Arquitetura de IA e sistemas avançados

Converter novas capacidades de IA em arquiteturas que possam integrar-se, operar e evoluir.

Numa página

Desenhamos arquiteturas de modelos, agentes, inferência, sistemas distribuídos, cloud e edge, runtimes e componentes próprios. Avaliamos tecnologias emergentes, construímos protótipos quando é necessário e levamos as que trazem valor a arquiteturas manuteníveis, observáveis e preparadas para produção.

  1. 01Explorar a fronteira e construir com fundamento. Exploramos a fronteira da IA, dos sistemas de conhecimento, do software e da robótica, e combinamos os seus avanços com fundamentos capazes de sustentar uma operação real.
  2. 02Construímos camadas próprias onde reside o conhecimento diferencial. Desenvolvemos componentes próprios quando o valor reside na representação, nos contratos ou na forma de coordenar o trabalho.
  3. 03IA generativa, agentes e programas inteligentes. Os modelos generativos alargaram a capacidade de interpretar linguagem, comparar informação, utilizar ferramentas, gerar código e compor conteúdos.

A tecnologia interessa-nos quando abre uma capacidade nova e quando permite levá-la até um sistema real.

Seguimos de perto a evolução dos modelos fundacionais, dos agentes, da memória, da recuperação, da semântica, da otimização, da simulação e da robótica. Testamos cedo, comparamos com alternativas mais simples e construímos camadas próprias quando as ferramentas disponíveis ainda não representam bem o problema.

A nossa ambição tecnológica tem duas direções complementares:

  • explorar técnicas que ainda estão a definir o que será possível;
  • construir sobre fundamentos capazes de sustentar dados, estado, permissões, integração, avaliação e manutenção.

Essa combinação permite-nos trabalhar desde uma fonte documental ou uma regra de negócio até um workflow duradouro, uma frota de agentes ou uma operação física.

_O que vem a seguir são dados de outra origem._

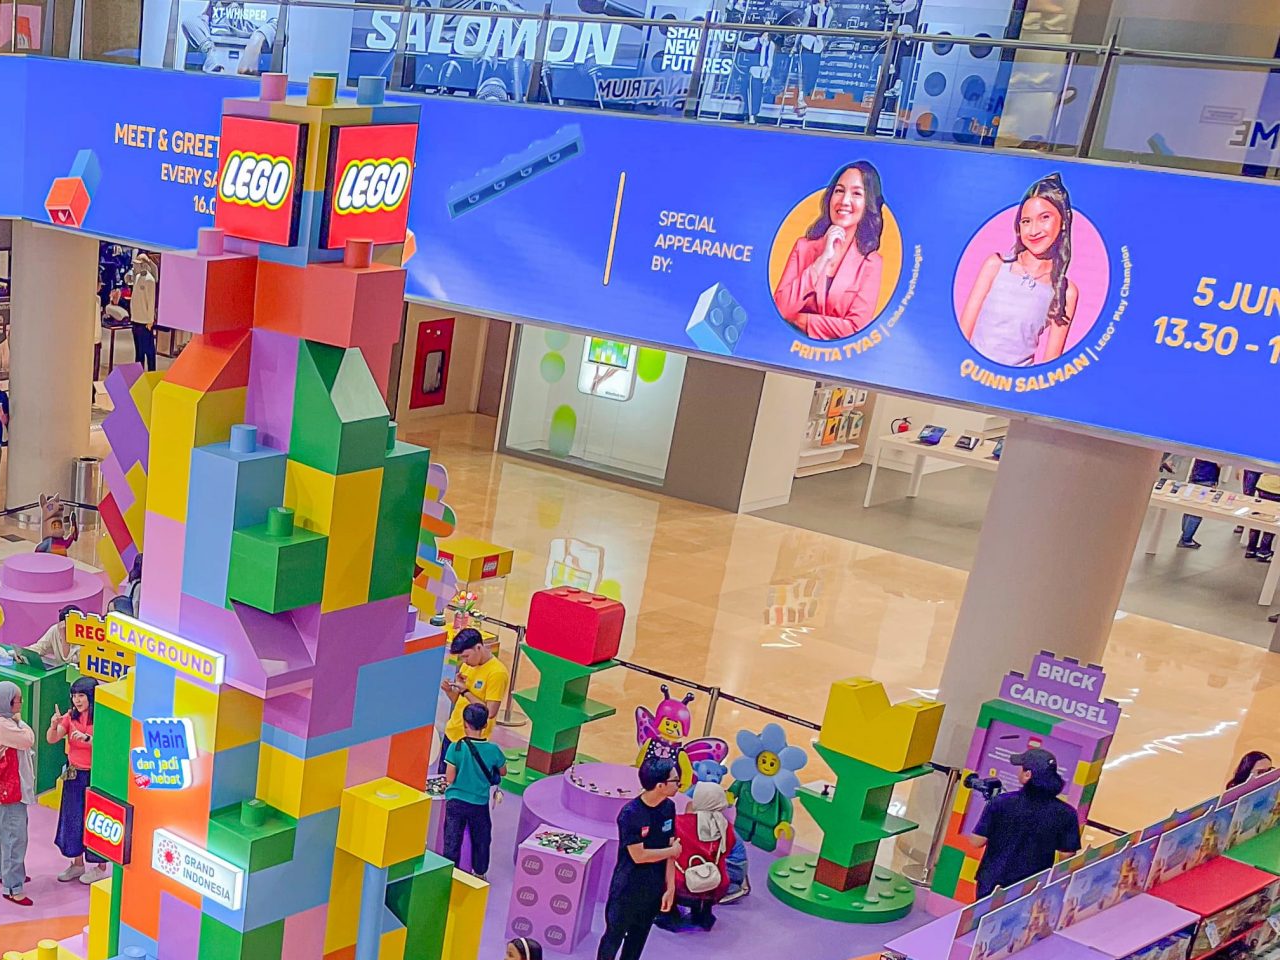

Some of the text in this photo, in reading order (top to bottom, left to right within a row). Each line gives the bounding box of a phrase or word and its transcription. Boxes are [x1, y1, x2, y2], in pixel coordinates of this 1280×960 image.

[114, 122, 155, 149] MEET
[157, 130, 168, 151] &
[161, 163, 203, 187] EVERY
[221, 151, 292, 208] LEGO
[336, 159, 411, 213] LEGO
[658, 210, 717, 233] SPECIAL
[654, 233, 754, 262] APPEARANCE
[651, 255, 672, 274] BY:
[1120, 245, 1133, 298] Champion
[1192, 276, 1217, 307] 5
[1112, 299, 1130, 322] Play
[789, 340, 843, 362] PRITTA
[843, 329, 882, 360] TYAS
[1153, 315, 1239, 356] 13.30
[960, 358, 1013, 392] QUINN
[1014, 353, 1090, 393] SALMAN
[109, 621, 214, 677] PLAYGROUND
[1037, 662, 1097, 692] BRICK
[1009, 683, 1109, 725] CAROUSEL
[148, 728, 185, 750] Main
[136, 756, 179, 772] dan jadi
[150, 770, 181, 785] hebat
[86, 809, 123, 845] LEGO
[184, 854, 215, 878] GRAND
[182, 867, 231, 901] INDONESIA

Explorar a fronteira e construir com fundamento

Exploramos a fronteira da IA, dos sistemas de conhecimento, do software e da robótica, e combinamos os seus avanços com fundamentos capazes de sustentar uma operação real.

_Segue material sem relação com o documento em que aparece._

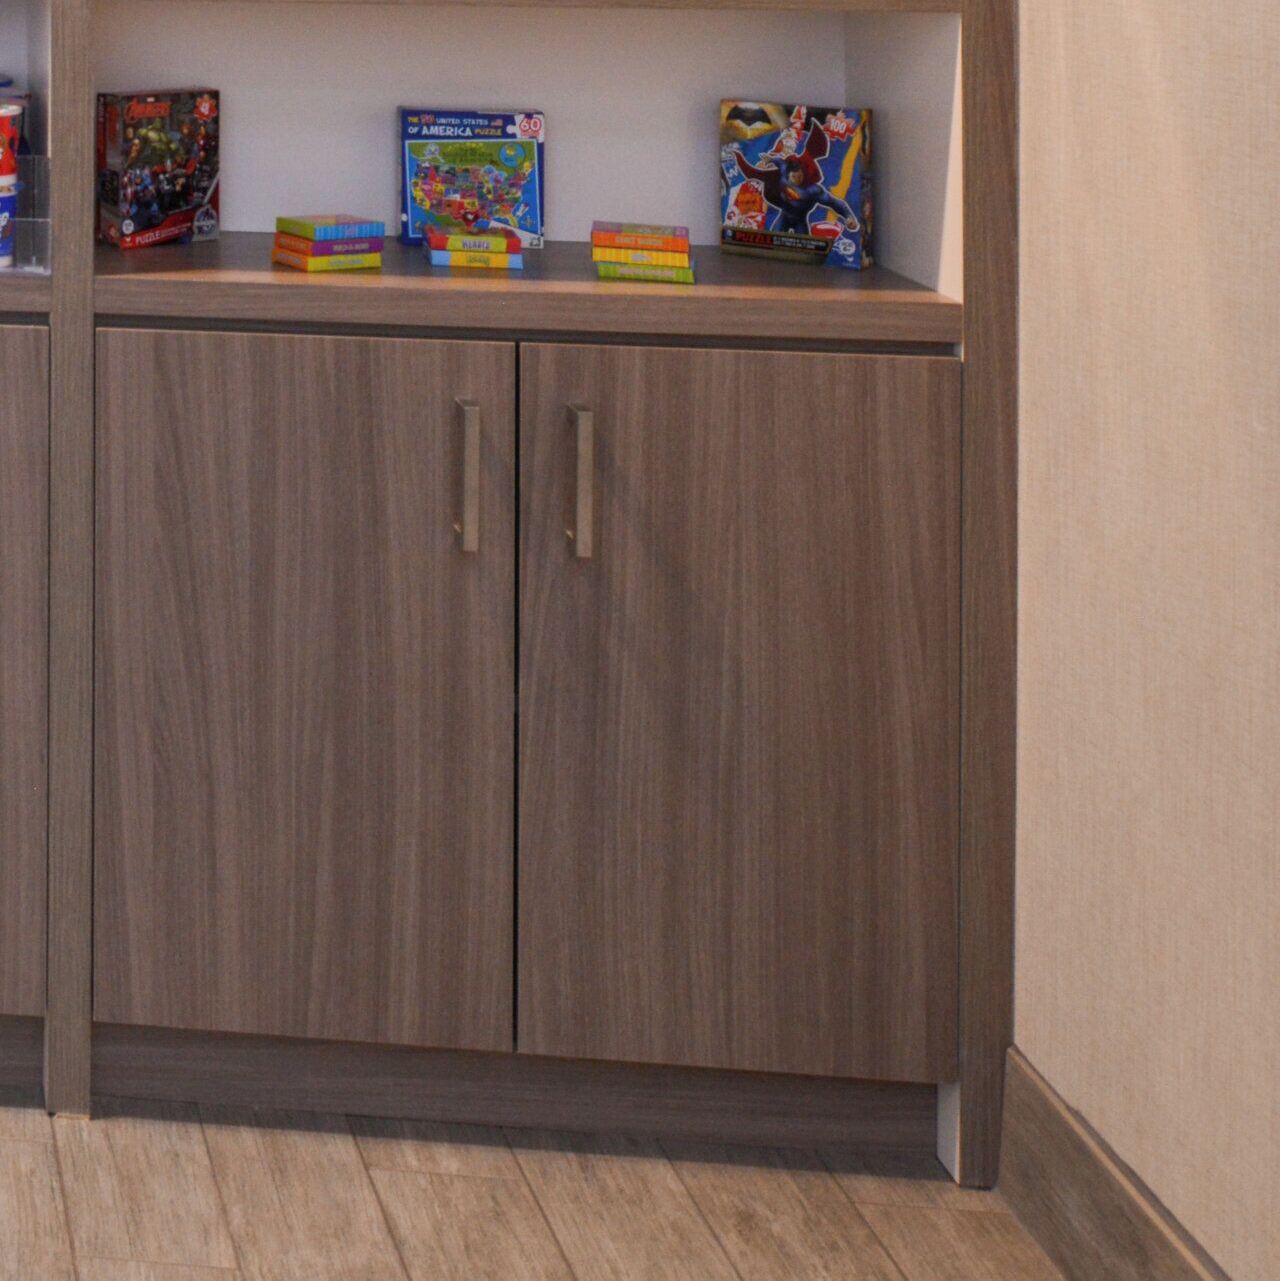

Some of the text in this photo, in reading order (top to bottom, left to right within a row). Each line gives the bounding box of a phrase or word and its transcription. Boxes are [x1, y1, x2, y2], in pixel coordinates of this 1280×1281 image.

[463, 118, 488, 126] STATES
[519, 118, 540, 132] 60
[421, 125, 473, 137] AMERICA
[135, 231, 161, 245] PUZZLE
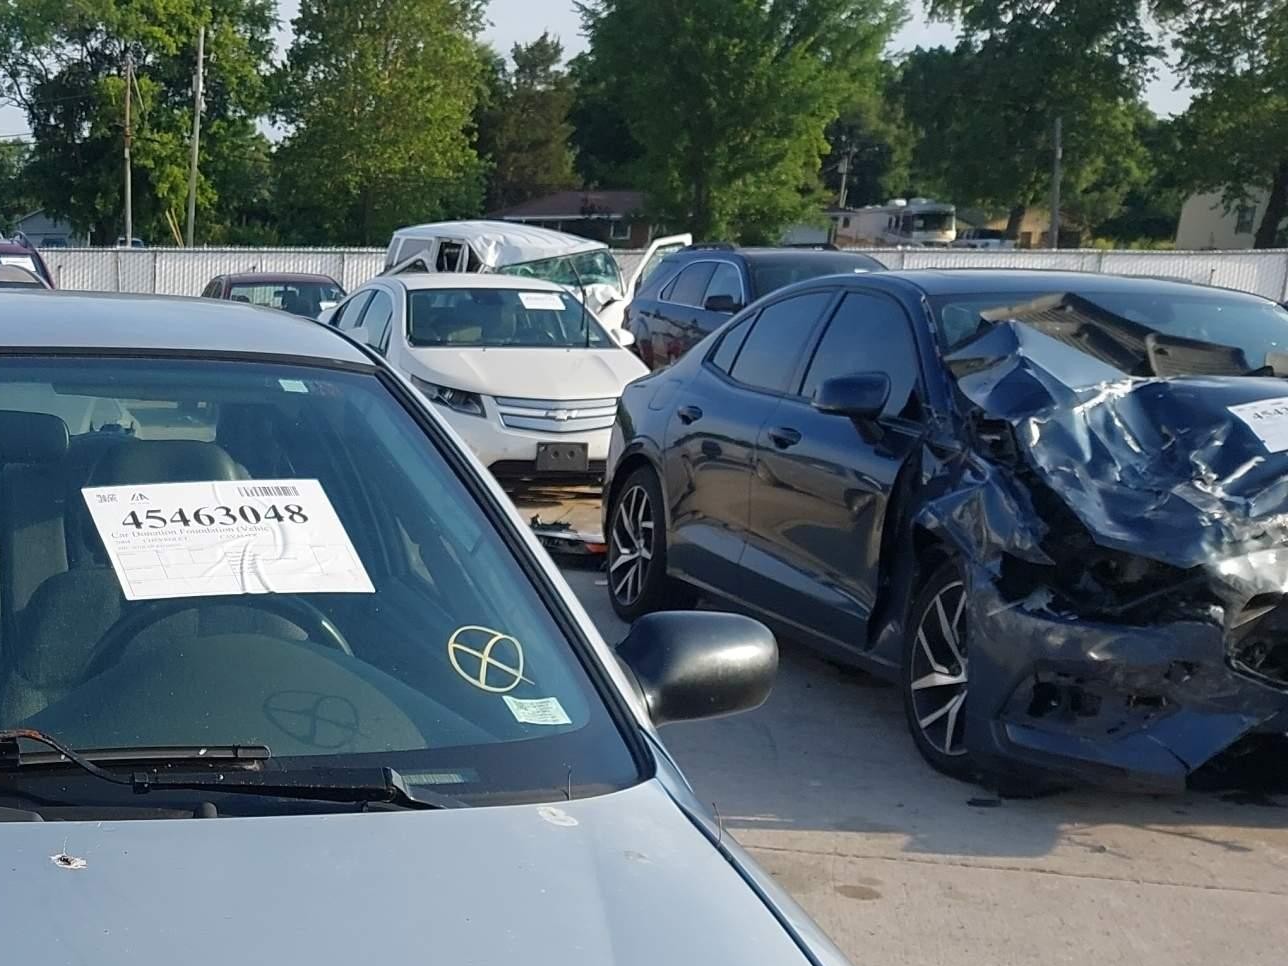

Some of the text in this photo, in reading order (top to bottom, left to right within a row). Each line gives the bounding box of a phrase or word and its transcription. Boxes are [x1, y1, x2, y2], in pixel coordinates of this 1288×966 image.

[122, 504, 309, 529] 45463048
[132, 529, 177, 538] Donation
[179, 526, 234, 535] Foundation

A velocidade da IA convida a escolher uma ferramenta pelo que demonstra durante uns minutos. O trabalho real exige descobrir o que acontece depois:

  • como se integra com dados e sistemas existentes;
  • que contexto necessita;
  • que custo introduz;
  • como se comporta sob entradas adversas;
  • que estado deve persistir;
  • como se limita a sua autoridade;
  • que parte pode substituir-se;
  • que conhecimento fica ligado ao fornecedor;
  • que evidência permite avaliá-la;
  • como responde o sistema quando a tecnologia muda.

Exploramos com curiosidade e adotamos com critério.

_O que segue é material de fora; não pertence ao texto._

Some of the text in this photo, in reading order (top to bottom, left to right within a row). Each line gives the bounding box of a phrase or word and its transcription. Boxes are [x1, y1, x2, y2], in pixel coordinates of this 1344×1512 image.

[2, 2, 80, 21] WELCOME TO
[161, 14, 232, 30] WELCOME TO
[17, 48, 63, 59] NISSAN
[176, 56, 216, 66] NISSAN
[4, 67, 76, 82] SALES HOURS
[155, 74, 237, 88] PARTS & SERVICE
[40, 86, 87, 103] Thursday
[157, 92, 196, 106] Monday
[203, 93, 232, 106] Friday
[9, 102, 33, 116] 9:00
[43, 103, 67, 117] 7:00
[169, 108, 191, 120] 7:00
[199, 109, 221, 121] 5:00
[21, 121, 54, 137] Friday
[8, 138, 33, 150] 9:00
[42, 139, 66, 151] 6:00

Uma técnica pode encontrar-se num de quatro estados:

Explorar
Utilizamo-la para formular melhor uma pergunta, compreender o seu comportamento ou descobrir uma capacidade.
Avaliar
Comparamo-la em cenários representativos e adversos, com métricas, custos e limites explícitos.
Aplicar
Integramo-la numa trajetória completa e submetemo-la a requisitos de dados, segurança, latência, recuperação e manutenção.
Construir
Desenvolvemos uma camada própria quando representa conhecimento, lógica, orquestração ou interação que consideramos central e duradoura.

Esta classificação distingue exploração e operação, e permite manter uma aposta tecnológica ambiciosa declarando o que já sustenta um sistema e o que continua em avaliação.

Construímos camadas próprias onde reside o conhecimento diferencial

Desenvolvemos componentes próprios quando o valor reside na representação, nos contratos ou na forma de coordenar o trabalho.

DocuLogic
Reconstrói lógica de negócio e conhecimento operacional a partir de código, configurações, documentos, tabelas, testes e rastos, e conserva-os como conhecimento legível, versionável e unido à sua evidência. Permite examinar cada regra com a sua proveniência e o seu estado: comportamento observado, lógica inferida, conhecimento validado ou decisão acordada.
KIR
Uma representação intermédia de conhecimento, tipada e canónica, que desacopla as fontes das suas utilizações. Permite examinar que projeção recebe cada consumidor — bases relacionais, grafos, índices semânticos, motores de regras, APIs, MCP, agentes e reporting — e que versão de conhecimento a sustenta.
ERP-Bots
A linha de bots e agentes operacionais que concluem trabalho dentro de ERPs e aplicações de negócio sob políticas, estado e verificação. Permite examinar o rasto de uma operação: que contexto se recuperou, que política decidiu, que ferramenta atuou, quem autorizou e que sinal fechou o caso.
SuperSocrates
O sistema que pergunta: interroga o material de um projeto para encontrar lacunas, informação que não coincide entre fontes, decisões que se contradizem e pressupostos que ninguém escreveu, e propõe a pergunta útil seguinte. Permite examinar uma colisão com as fontes que a originam e a pergunta que abre.
SuperQuestions
O produto que representa e gere as perguntas de um projeto juntamente com a sua evidência, as suas decisões, as suas dependências e o seu trabalho. Permite examinar uma pergunta com aquilo que a sustenta, aquilo que a contradiz e aquilo que depende dela. SuperSocrates pergunta; SuperQuestions administra o que a pergunta produz.
SuperPythagoras
Um arnês para construir software em equipa quando pessoas e bots partilham o trabalho: papéis, contratos de entrega, transferências ordenadas, revisão e SecondOpinion, uma perspetiva independente sobre cada alteração com consequências. Permite examinar o percurso de uma alteração e a evidência de por que foi construída assim.
Finaz
Uma arquitetura editorial que separa evidência, estrutura informativa, composição, controlos e produção multimodal. Permite examinar o esquema intermédio que relatório, guião e peça narrada partilham, e o ponto onde termina o determinista e começa o generativo.
Excorpora
Um ambiente de investigação e avaliação de tradução e localização construído sobre invariantes declarados, corpora alinhados e auditoria adversarial. Permite examinar onde o sentido muda ainda que a frase soe natural.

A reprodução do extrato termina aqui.